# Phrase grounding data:
====

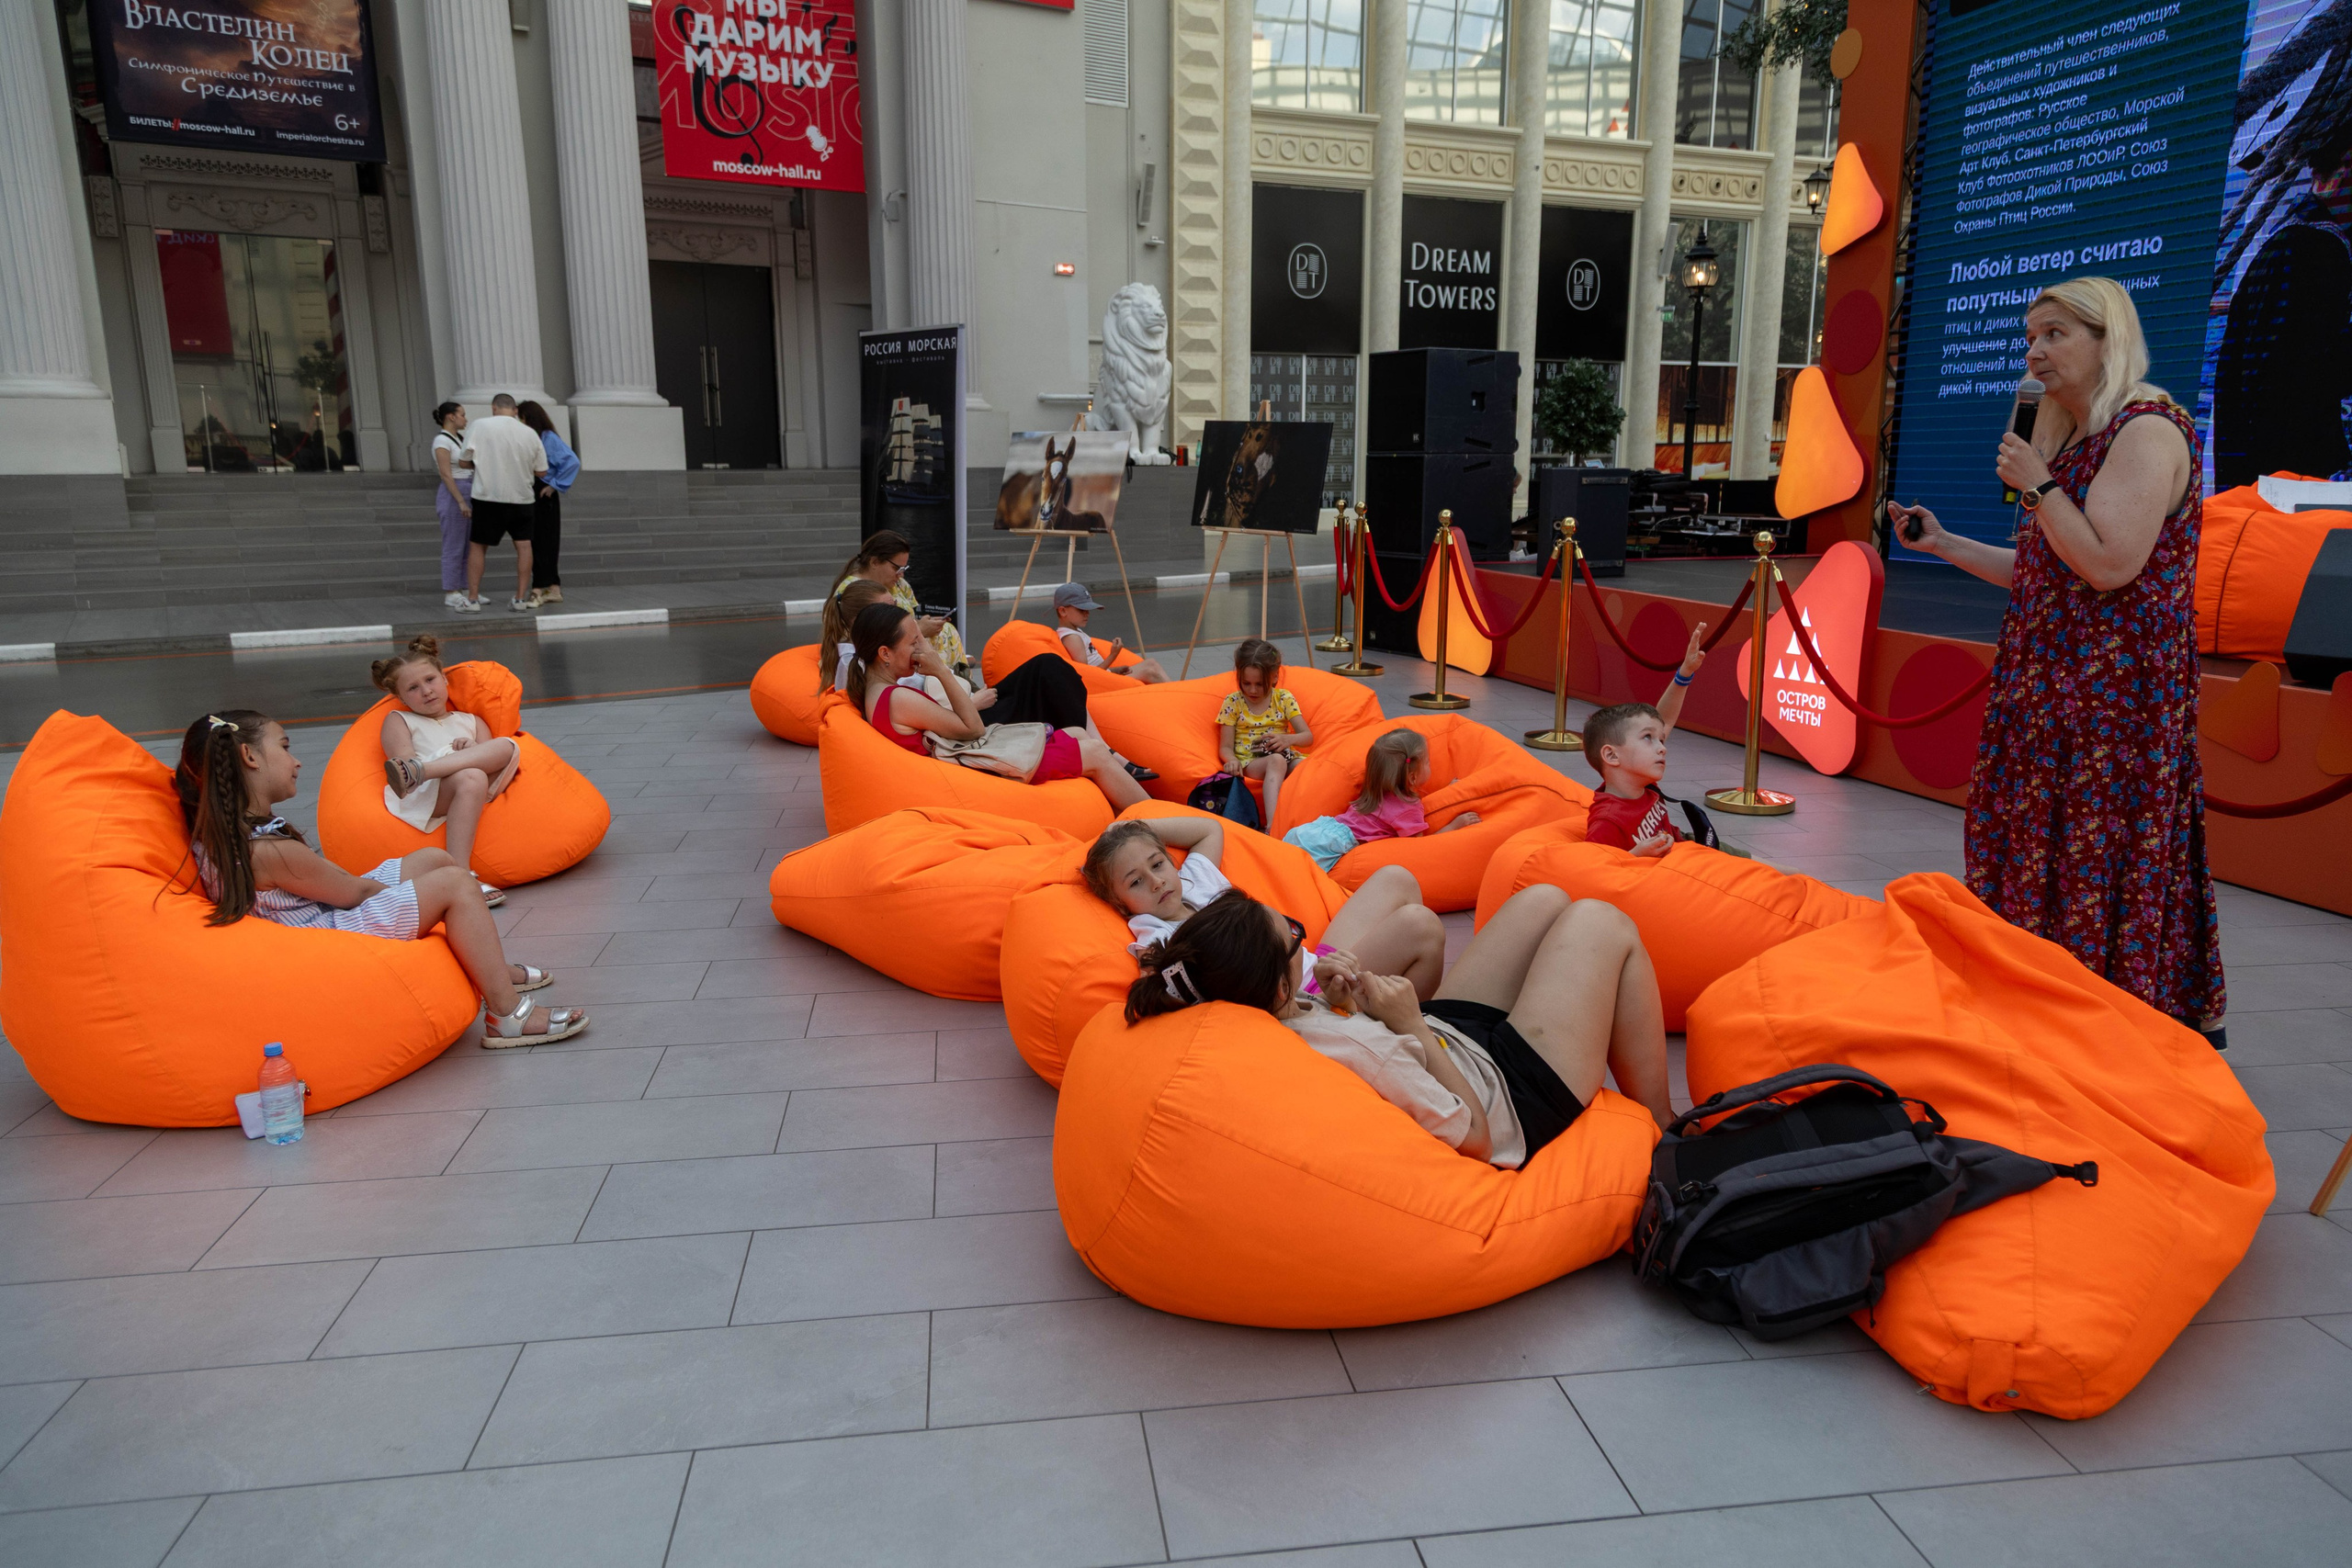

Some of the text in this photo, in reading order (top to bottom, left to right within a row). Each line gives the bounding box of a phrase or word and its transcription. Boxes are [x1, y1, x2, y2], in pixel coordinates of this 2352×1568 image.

[726, 0, 788, 19] МЫ
[691, 14, 823, 56] ДАРИМ
[1968, 3, 2181, 81] Действительный член следующих
[684, 45, 835, 89] МУЗЫКУ
[1966, 28, 2169, 97] объединений путешественников,
[1964, 64, 2118, 117] визуальных художников и
[334, 114, 361, 131] 6+
[1961, 85, 2185, 156] географическое общество, Морской
[1962, 95, 2088, 139] фотографов: Русское
[277, 130, 366, 147] imperialorchestra.ru
[1959, 118, 2148, 175] Арт Клуб, Санкт-Петербургский
[713, 161, 822, 181] moscow-hall.ru
[1958, 138, 2168, 195] Клуб Фотоохотников ЛООиР, Союз
[1956, 159, 2169, 213] Фотографов Дикой Природы, Союз
[1954, 203, 2076, 234] Охраны Птиц России.
[1411, 242, 1491, 275] DREAM
[1949, 236, 2164, 284] Любой ветер считаю
[1404, 279, 1497, 311] TOWERS
[1944, 321, 1971, 335] птиц
[1973, 318, 1981, 332] и
[1984, 316, 2019, 333] диких
[865, 336, 957, 356] РОССИЯ МОРСКАЯ
[1942, 336, 2007, 358] улучшение
[1940, 356, 2006, 376] отношений
[1938, 378, 1973, 399] дикой
[1777, 690, 1826, 710] ОСТРОВ
[1779, 706, 1822, 728] МЕЧТЫ

====

# Work order:
When you retype the records, keep every word exactly as written and exclude the pictures.

# Reply:
Some of the text in this photo, in reading order (top to bottom, left to right within a row). Each line gives the bounding box of a phrase or word and its transcription. Boxes are [x1, y1, x2, y2], in pixel coordinates of this 2352×1568 image.

[726, 0, 788, 19] МЫ
[691, 14, 823, 56] ДАРИМ
[1968, 3, 2181, 81] Действительный член следующих
[684, 45, 835, 89] МУЗЫКУ
[1966, 28, 2169, 97] объединений путешественников,
[1964, 64, 2118, 117] визуальных художников и
[334, 114, 361, 131] 6+
[1961, 85, 2185, 156] географическое общество, Морской
[1962, 95, 2088, 139] фотографов: Русское
[277, 130, 366, 147] imperialorchestra.ru
[1959, 118, 2148, 175] Арт Клуб, Санкт-Петербургский
[713, 161, 822, 181] moscow-hall.ru
[1958, 138, 2168, 195] Клуб Фотоохотников ЛООиР, Союз
[1956, 159, 2169, 213] Фотографов Дикой Природы, Союз
[1954, 203, 2076, 234] Охраны Птиц России.
[1411, 242, 1491, 275] DREAM
[1949, 236, 2164, 284] Любой ветер считаю
[1404, 279, 1497, 311] TOWERS
[1944, 321, 1971, 335] птиц
[1973, 318, 1981, 332] и
[1984, 316, 2019, 333] диких
[865, 336, 957, 356] РОССИЯ МОРСКАЯ
[1942, 336, 2007, 358] улучшение
[1940, 356, 2006, 376] отношений
[1938, 378, 1973, 399] дикой
[1777, 690, 1826, 710] ОСТРОВ
[1779, 706, 1822, 728] МЕЧТЫ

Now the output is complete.